I gathered up a few of my tips and tricks to help you in your journey to wean your baby from breastfeeding. I hope these will be a help!

*This content is not meant to be a substitute for medical advice. Please contact a physician or lactation consultant if you have questions or concerns about your child’s health or the weaning process.*

How to Wean Your Baby

Determine When the Time is Right

The American Academy of Pediatrics recommends that babies be exclusively breastfed for the first 6 months of life and then be introduced to other foods while continuing breastfeeding for 1 year or longer.

The first step to stopping breastfeeding is to make sure that both you and baby are ready to move on. For some women, they are ready to begin weanning before 12 months, for others they choose to continue to breastfeed well into the toddler years. There is no “right” answer. 

Signs Your Baby May Be Ready

  • Your baby can hold his/her head up.
  • He can sit up unassisted.
  • She shows interest in other foods.
  • Your baby seems hungrier than usual.

Talk with Your Child’s Doctor

If you feel that you and your baby are ready to wean from breastfeeding, the next step is to have a conversation with your child’s pediatrician. 

Your child’s pediatrician can give you tips to successfully wean as well as appropriate replacements and supplements to your child’s diet. 

Wean Slowly

It’s important to wean your baby slowly if possible. You can start out by simply replacing one or two of your baby’s feedings with baby food or formula.

  • It’s recommended to wait to give your baby cow’s milk until after 12 months. 
  • If you are interested in learning more about baby-led weaning you can check out this article.

Give a Pacifier

If you have been breastfeeding for any length of time, then you know that sometimes your baby just wants to nurse for comfort.

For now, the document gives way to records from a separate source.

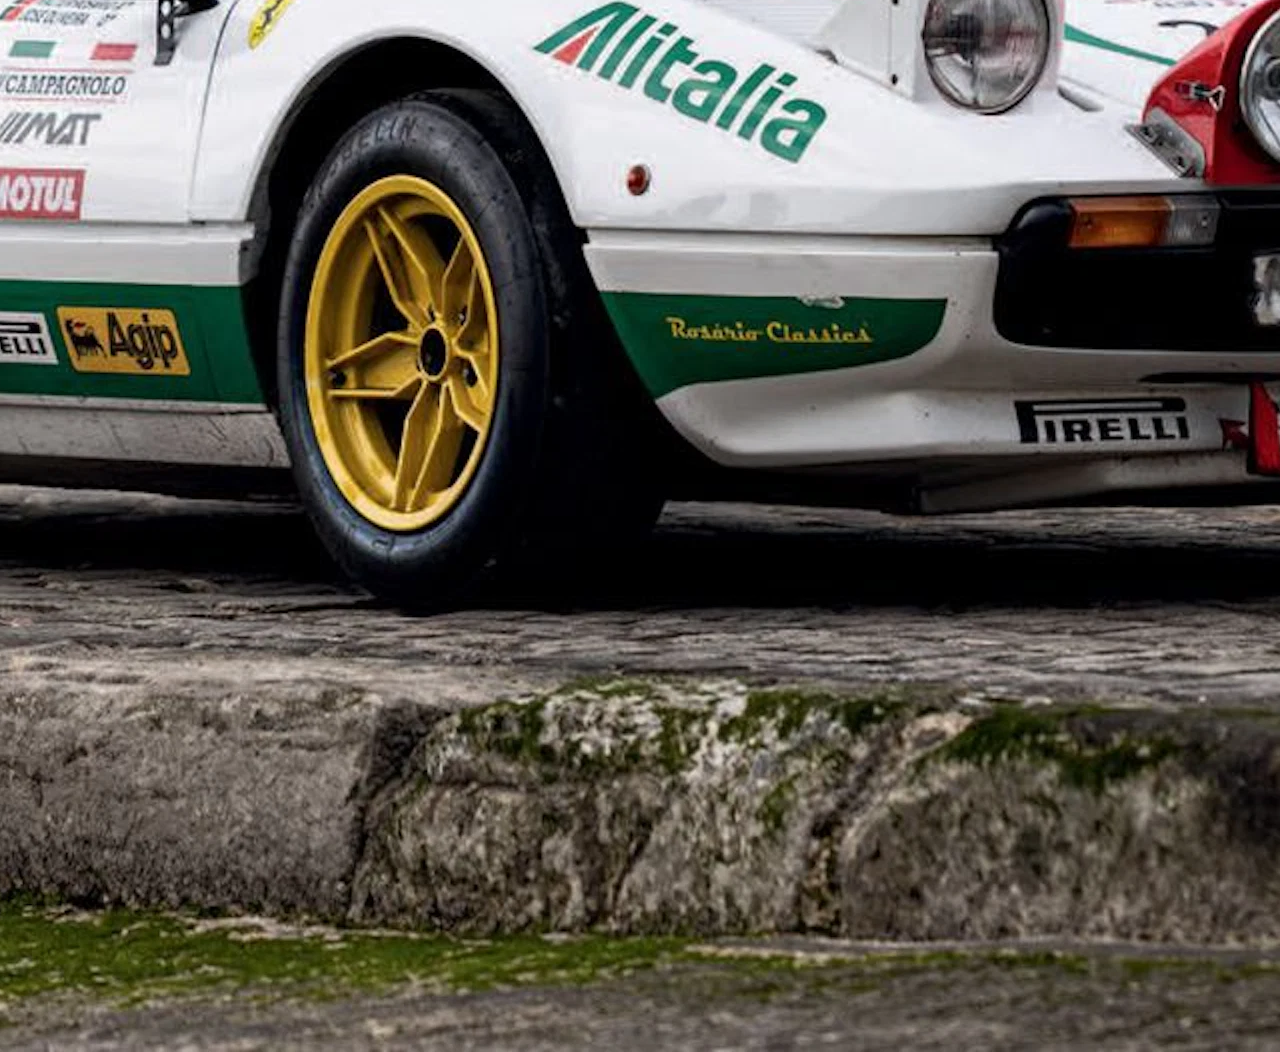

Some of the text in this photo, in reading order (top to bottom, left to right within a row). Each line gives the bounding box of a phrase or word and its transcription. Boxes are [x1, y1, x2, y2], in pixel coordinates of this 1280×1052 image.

[5, 74, 125, 95] CAMPAGNOLO
[533, 1, 827, 164] Alitalia
[107, 312, 178, 369] Agip
[766, 321, 874, 344] Classics
[1015, 397, 1191, 444] PIRELLI

If you are looking to begin the weaning process, then look into offering your baby her favorite pacifier when she needs a little extra comfort. My daughter loved these Tommee Tippee pacifiers the most. 

Distract Your Baby

You can also try distracting your baby with a fun game or toy as her normal feeding window gets closer. 

I find that it’s super helpful to keep a separate (special) toy that your child will enjoy when you are attempting to extend his feeding window.

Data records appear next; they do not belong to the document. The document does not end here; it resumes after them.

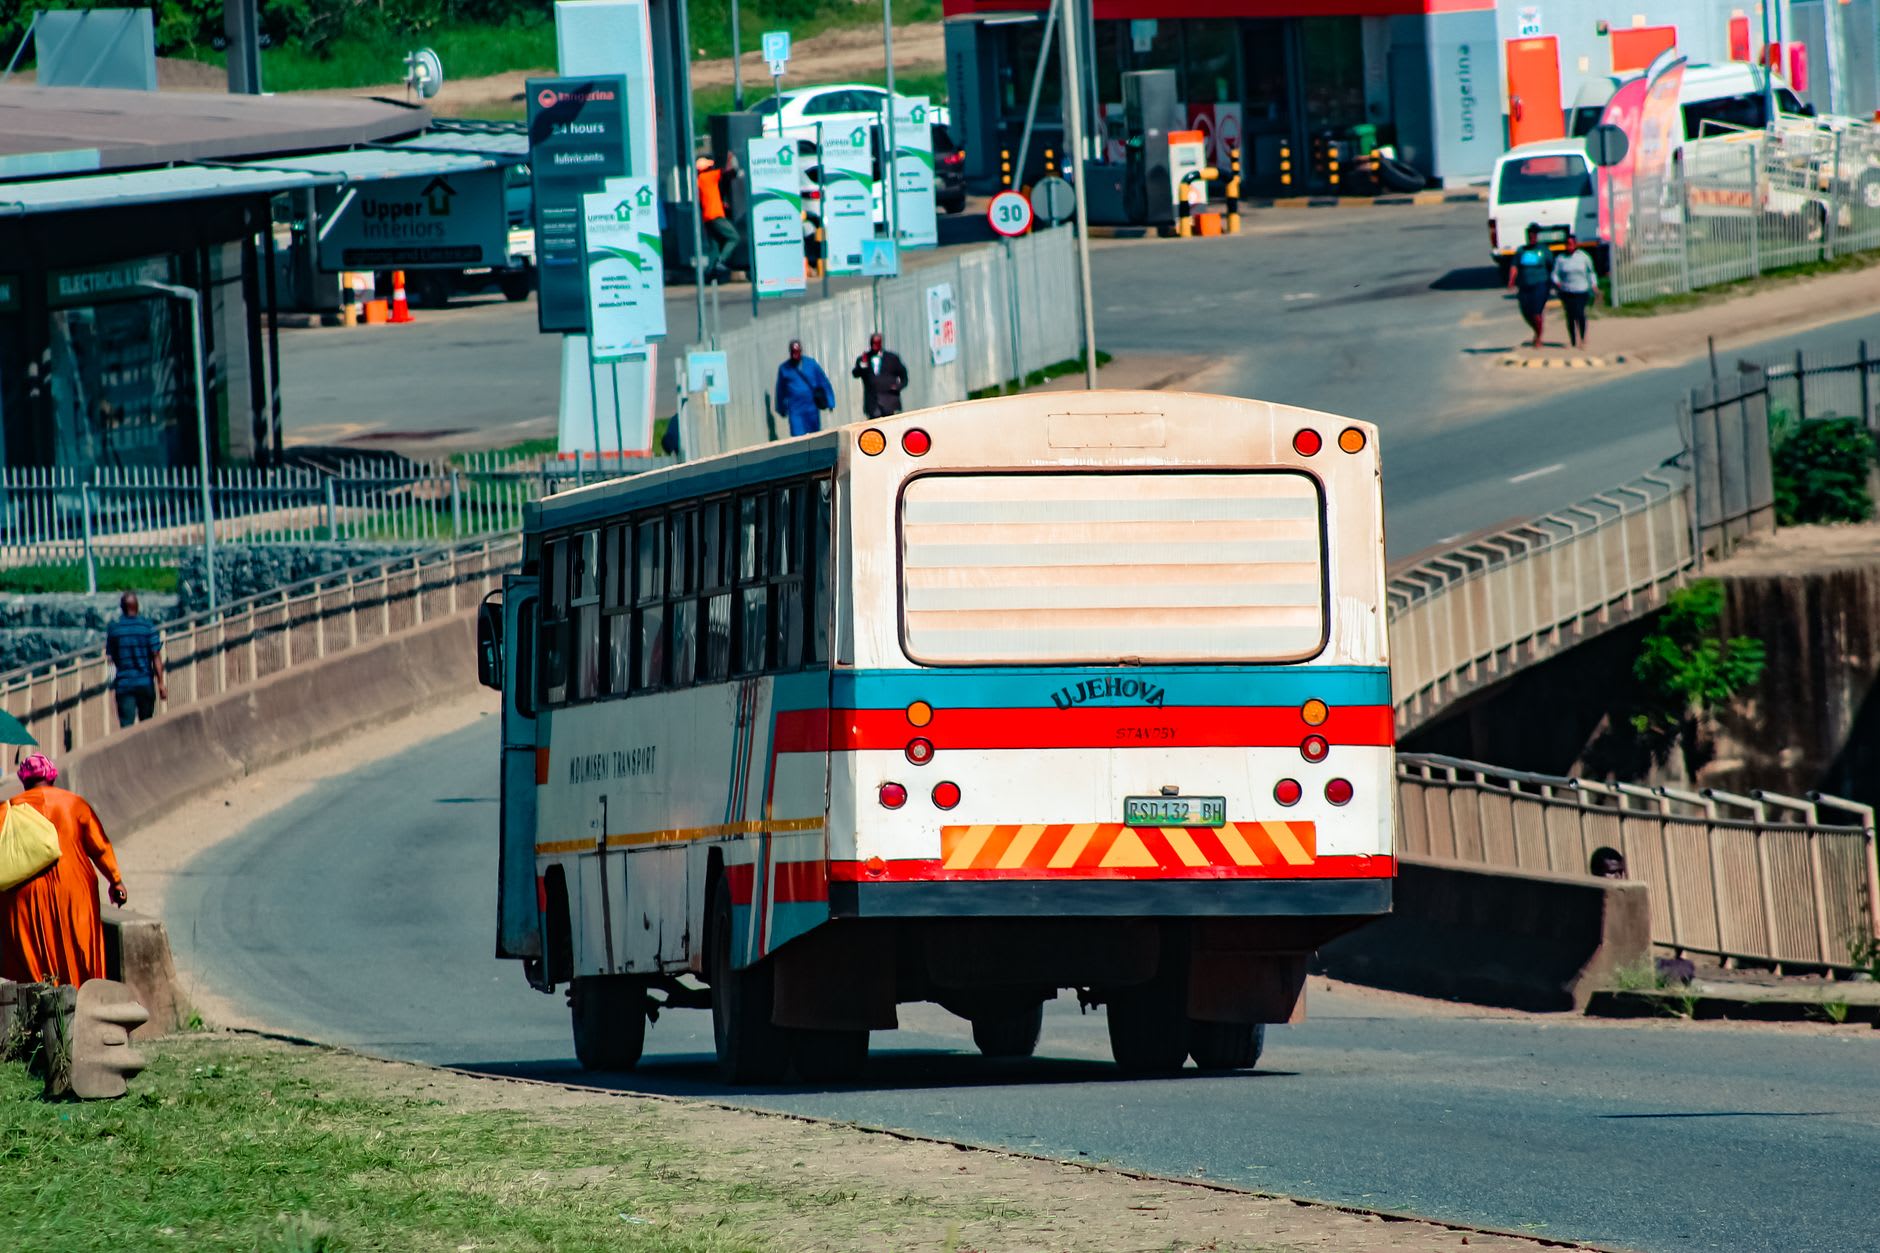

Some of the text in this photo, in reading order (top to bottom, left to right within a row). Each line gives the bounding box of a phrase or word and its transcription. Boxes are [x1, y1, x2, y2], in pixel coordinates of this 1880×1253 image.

[1455, 44, 1477, 142] tangerina
[570, 122, 605, 134] hours
[554, 152, 605, 165] lubricants
[361, 198, 423, 222] Upper
[999, 204, 1023, 223] 30
[1050, 676, 1166, 711] UJEHOVA
[613, 745, 656, 778] TRANSPORT
[1161, 803, 1190, 821] 132
[1203, 802, 1222, 821] BH

Only bring out this special toy when you are looking to distract your baby from a normal feeding time.

Offer a Different Food

Offering your baby a new, or favorite, food that can serve as a replacement for a typical breastfeeding session is a great option fort slowly stopping breastfeeding.

I noticed when my toddler began weaning from breastfeeding that she often replaced a typical breastfeeding session with some of her favorite snacks. This was a natural replacement that she really enjoyed.

Enlist Help

You may think that stopping breastfeeding is solely up to you and your baby but your family may also be a great help in the process.

Try asking for help from your significant other, family, or friends.  Your baby may be more receptive to substituting a feeding if someone else is giving it.

Dry Up Your Milk

If you have successfully weaned your baby from breastfeeding but you want your milk to dry up quicker, you can get this No More Milk Tea from Earth Mama. 

No More Milk Tea is a caffeine-free blend of organic herbs that will help you reduce the production of breastmilk.

It Will Happen

Go easy on yourself and your baby. You baby may push back against you as you wean. If you find your child becoming inconsolable, reach out to a professional for help. You may need to reevaluate, your child may not be ready, or you may need additional resources. 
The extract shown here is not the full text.